MySQL Communications link failure问题

最近对项目进行测试,突然出现Communications link failure异常,原文如下:

1
2
3
4
5
6
com.mysql.jdbc.exceptions.jdbc4.CommunicationsException: Communications link failure

The last packet successfully received from the server was 20,096 milliseconds ago.The last packet sent successfully to the server was 0 milliseconds ago.
    at sun.reflect.GeneratedConstructorAccessor84.newInstance(Unknown Source) ~[?:?]
    at sun.reflect.DelegatingConstructorAccessorImpl.newInstance(DelegatingConstructorAccessorImpl.java:45) ~[?:1.7.0_75]
    ...

查看MySQL Status的Aborted_clients,变化如下: 请求接口前:

mysql_1 mysql_2

请求接口后:

mysql_3 mysql_4

等待一段时间后:

mysql_5 mysql_6

此时,再次请求接口,出现Communications link failure,可判断是MySQL认为连接已经无效,主动关闭了连接。查测试服务器MySQL相关配置后,发现wait_timeout设置为10s,再结合日志中last packet successfully received时间,判断可能为该配置问题。

但是比较奇怪的是,线上项目正常。正常情况下,线上服务器应与测试服务器上的配置一致,保证测试结果有效。所以果断查看线上MySQL配置后,发现wait_timeout为600s,所以基本确定是因为测试服务器wait_timeout最近可能被人修改,导致出现这个MySQL主动关闭连接的情况。

这又引出另一个问题,如果线上配置是600s,那么有过期连接后,MySQL依然会进行关闭,应该也会出现同样的错误,但是实际情况是线上项目一直正常,没有出现告警,于是怀疑是获取连接的时候,连接池进行了一些维护性工作。

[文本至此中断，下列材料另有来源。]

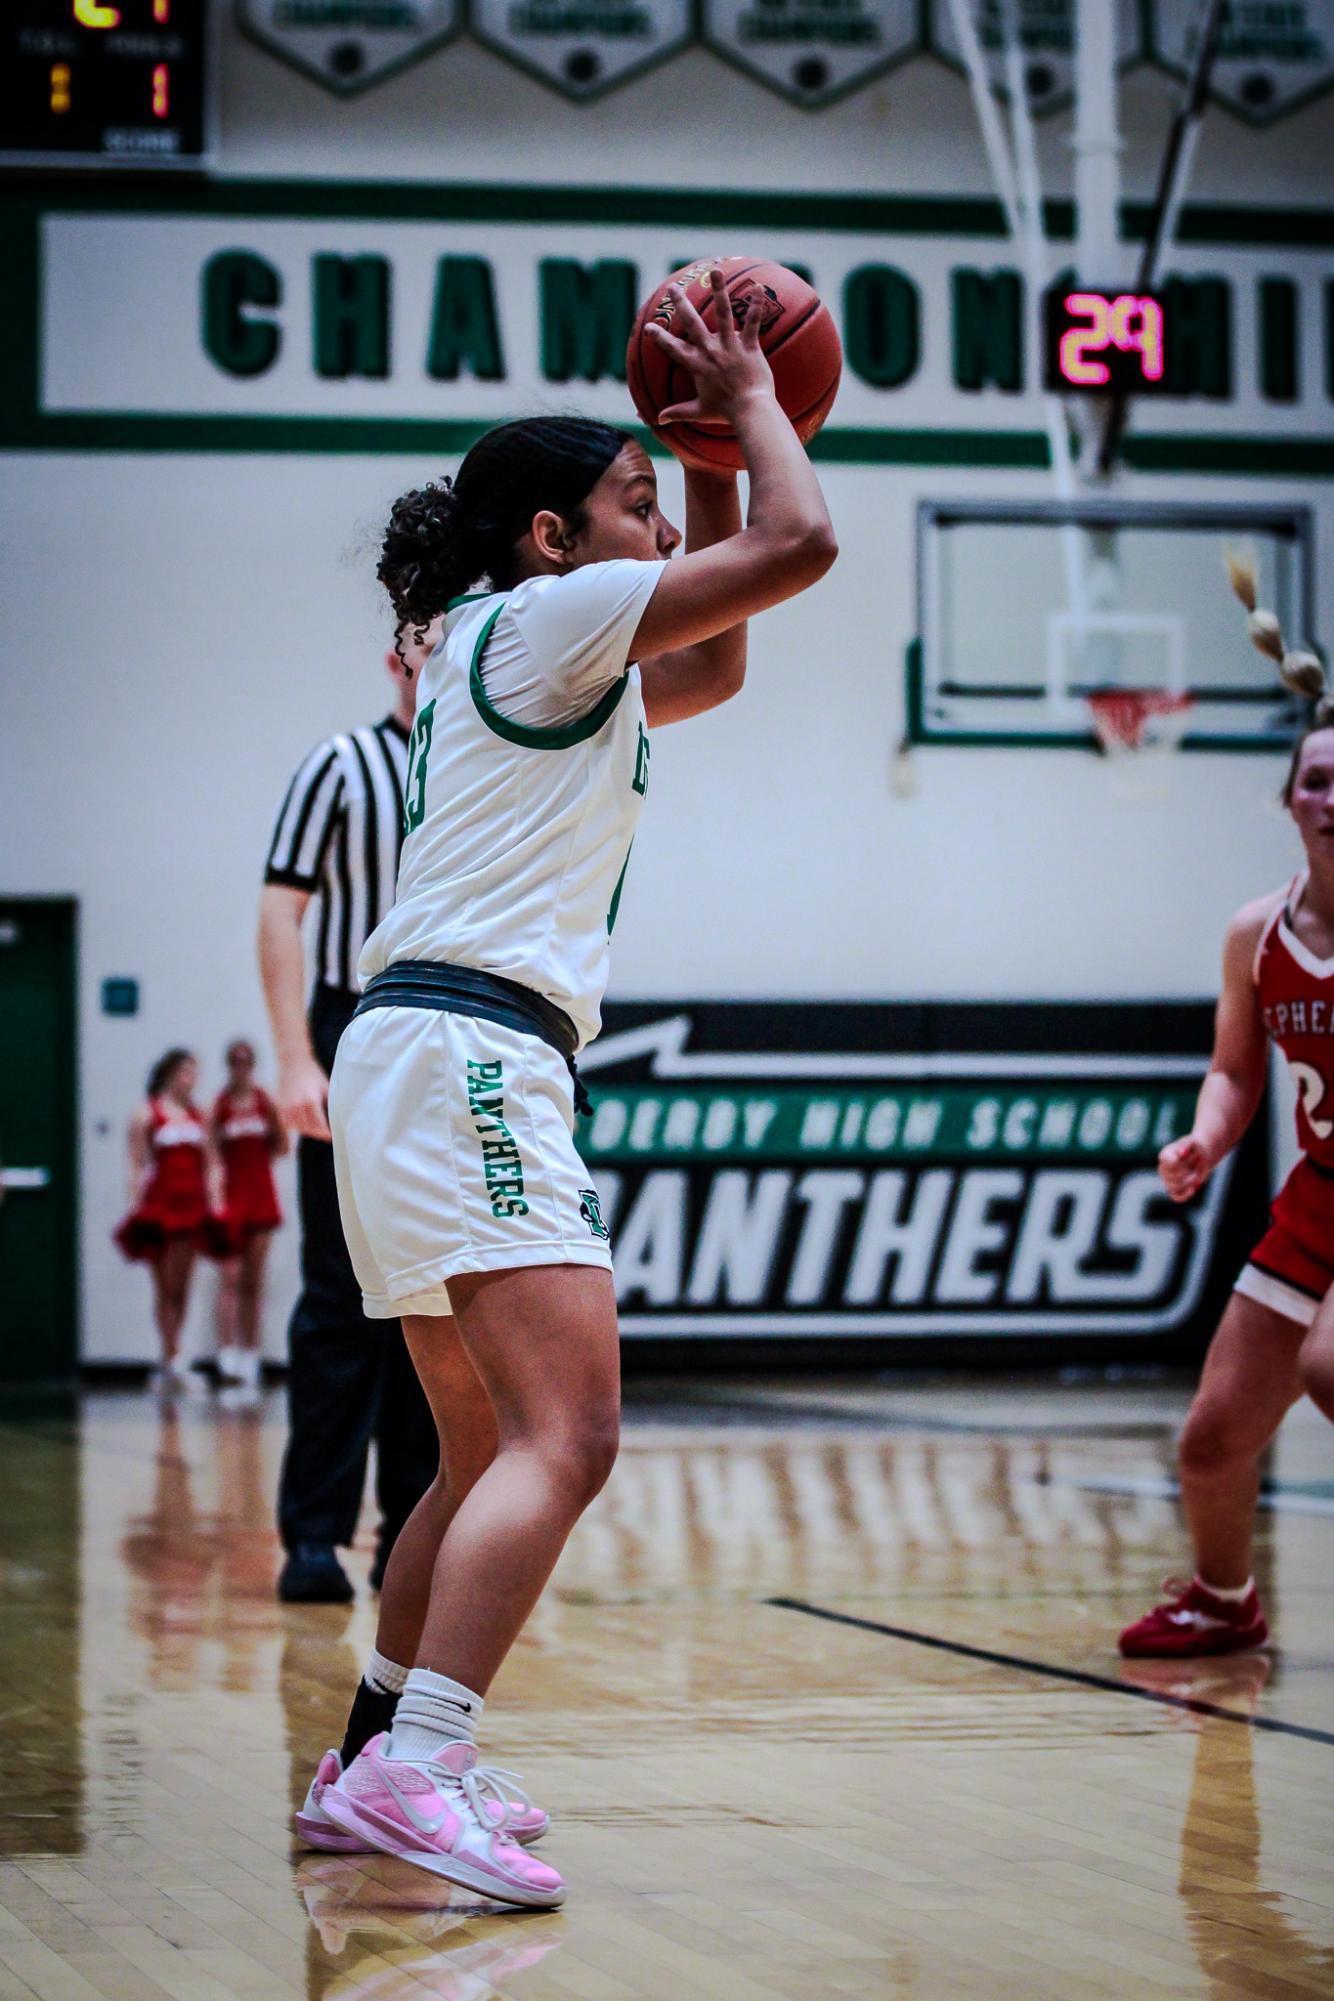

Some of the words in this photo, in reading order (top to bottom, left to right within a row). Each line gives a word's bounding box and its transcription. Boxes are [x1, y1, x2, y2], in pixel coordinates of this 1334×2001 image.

连接池使用的是阿里的DruidDataSource,查看连接其默认配置,发现:

mysql_druid

其中testOnBorrow和testOnReturn是默认不开启的,testWhileIdle默认为true,查看获取连接的相关代码,发现如下:

1
2
3
4
5
6
7
8
9
10
11
12
13
14
15
16
17
18
19
20
if (isTestWhileIdle()) {
    final long currentTimeMillis = System.currentTimeMillis();
    final long lastActiveTimeMillis = poolableConnection.getConnectionHolder().getLastActiveTimeMillis();
    final long idleMillis = currentTimeMillis - lastActiveTimeMillis;
    long timeBetweenEvictionRunsMillis = this.getTimeBetweenEvictionRunsMillis();
    if (timeBetweenEvictionRunsMillis <= 0) {
        timeBetweenEvictionRunsMillis = DEFAULT_TIME_BETWEEN_EVICTION_RUNS_MILLIS;
    }

    if (idleMillis >= timeBetweenEvictionRunsMillis) {
        boolean validate = testConnectionInternal(poolableConnection.getConnection());
        if (!validate) {
            if (LOG.isDebugEnabled()) {
            LOG.debug("skip not validate connection.");
            }
            discardConnection(realConnection);             
            continue;
        }
    }
}

其中,默认的DEFAULT_TIME_BETWEEN_EVICTION_RUNS_MILLIS为60s,即默认对超过60s的未活动连接进行检测,所以线上MySQL配置600s也没有出现Communications link failure。